▸ Work instruction: Locate the line containing "this 1500×1009 image." in the data below. Reproduce it and every following line up to the end, exactly as given.

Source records
***

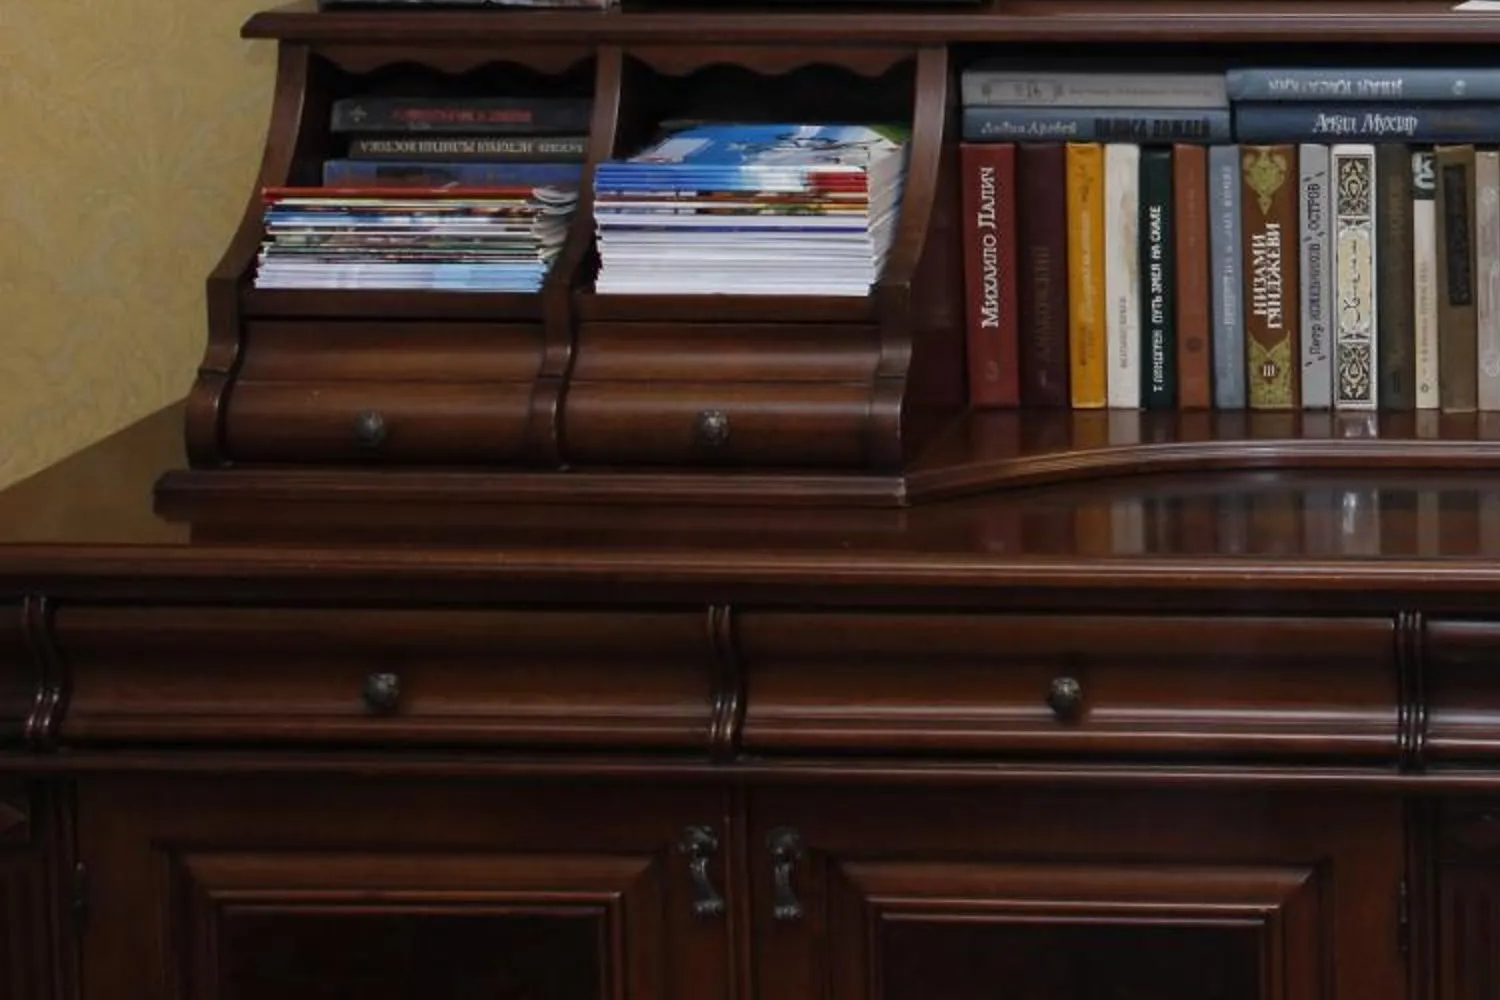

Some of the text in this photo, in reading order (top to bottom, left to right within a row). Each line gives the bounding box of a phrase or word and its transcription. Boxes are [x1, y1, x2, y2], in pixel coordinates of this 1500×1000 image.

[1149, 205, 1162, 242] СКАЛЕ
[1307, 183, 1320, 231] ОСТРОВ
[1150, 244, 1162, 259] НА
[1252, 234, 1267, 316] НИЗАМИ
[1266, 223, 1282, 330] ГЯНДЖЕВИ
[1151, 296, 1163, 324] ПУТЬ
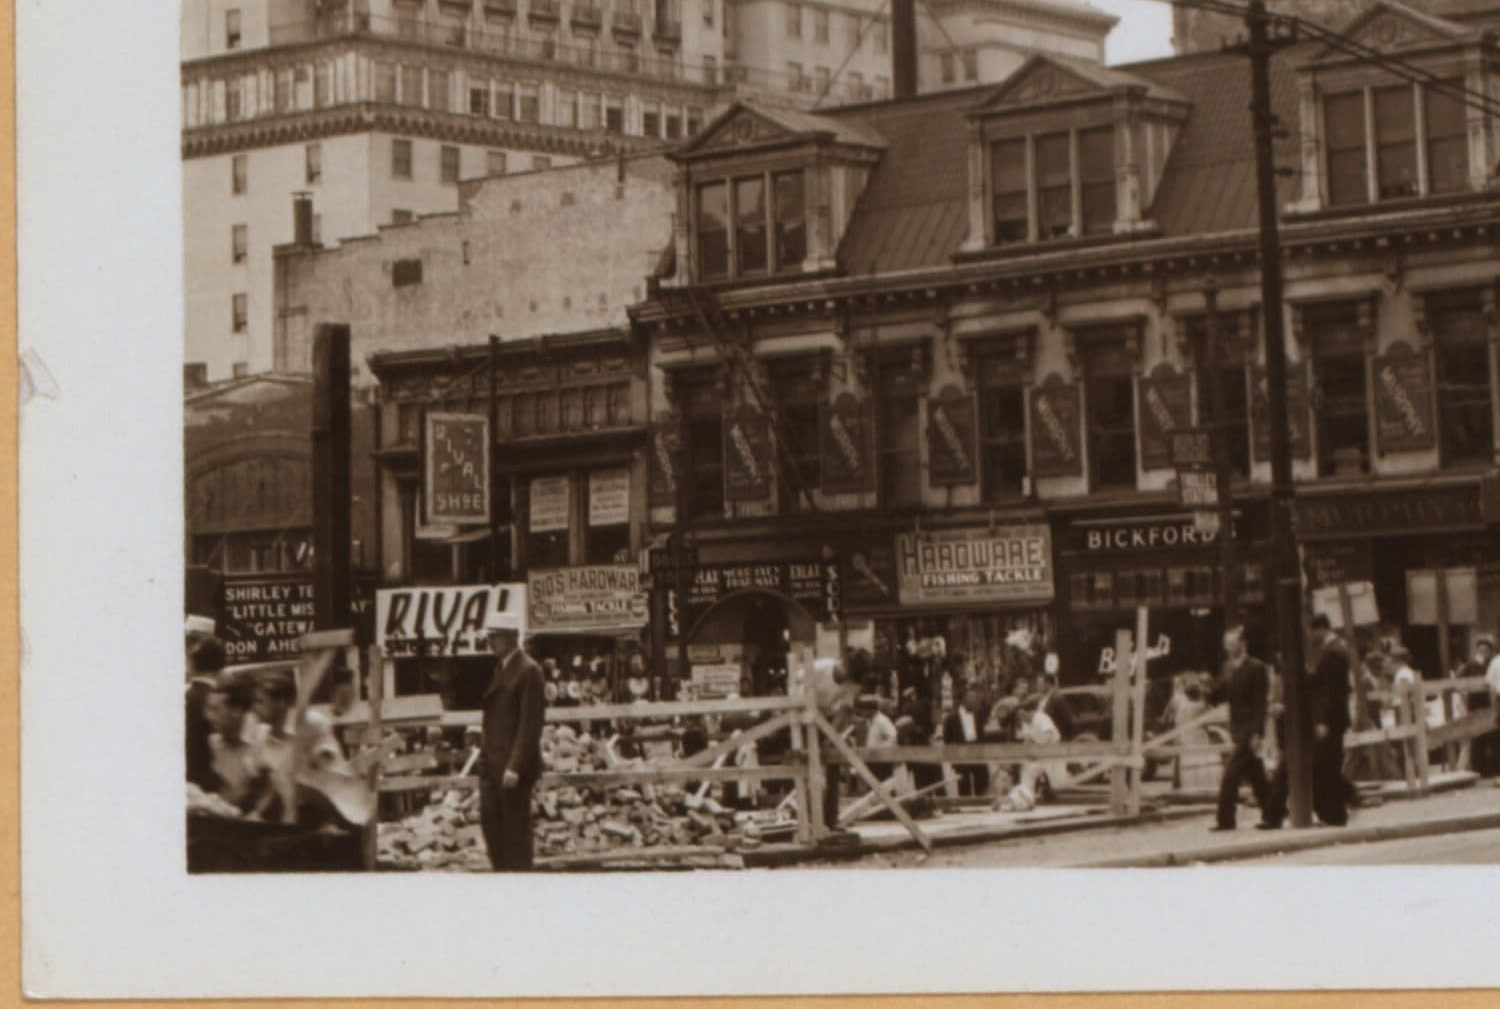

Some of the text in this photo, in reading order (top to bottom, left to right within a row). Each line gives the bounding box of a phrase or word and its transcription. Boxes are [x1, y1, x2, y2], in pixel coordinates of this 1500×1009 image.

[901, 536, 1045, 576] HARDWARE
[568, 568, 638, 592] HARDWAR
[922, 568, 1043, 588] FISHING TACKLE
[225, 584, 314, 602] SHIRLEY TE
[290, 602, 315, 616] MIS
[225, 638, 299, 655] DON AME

***

▸ Response to the exercise:
Some of the text in this photo, in reading order (top to bottom, left to right within a row). Each line gives the bounding box of a phrase or word and its transcription. Boxes are [x1, y1, x2, y2], in pixel coordinates of this 1500×1009 image.

[901, 536, 1045, 576] HARDWARE
[568, 568, 638, 592] HARDWAR
[922, 568, 1043, 588] FISHING TACKLE
[225, 584, 314, 602] SHIRLEY TE
[290, 602, 315, 616] MIS
[225, 638, 299, 655] DON AME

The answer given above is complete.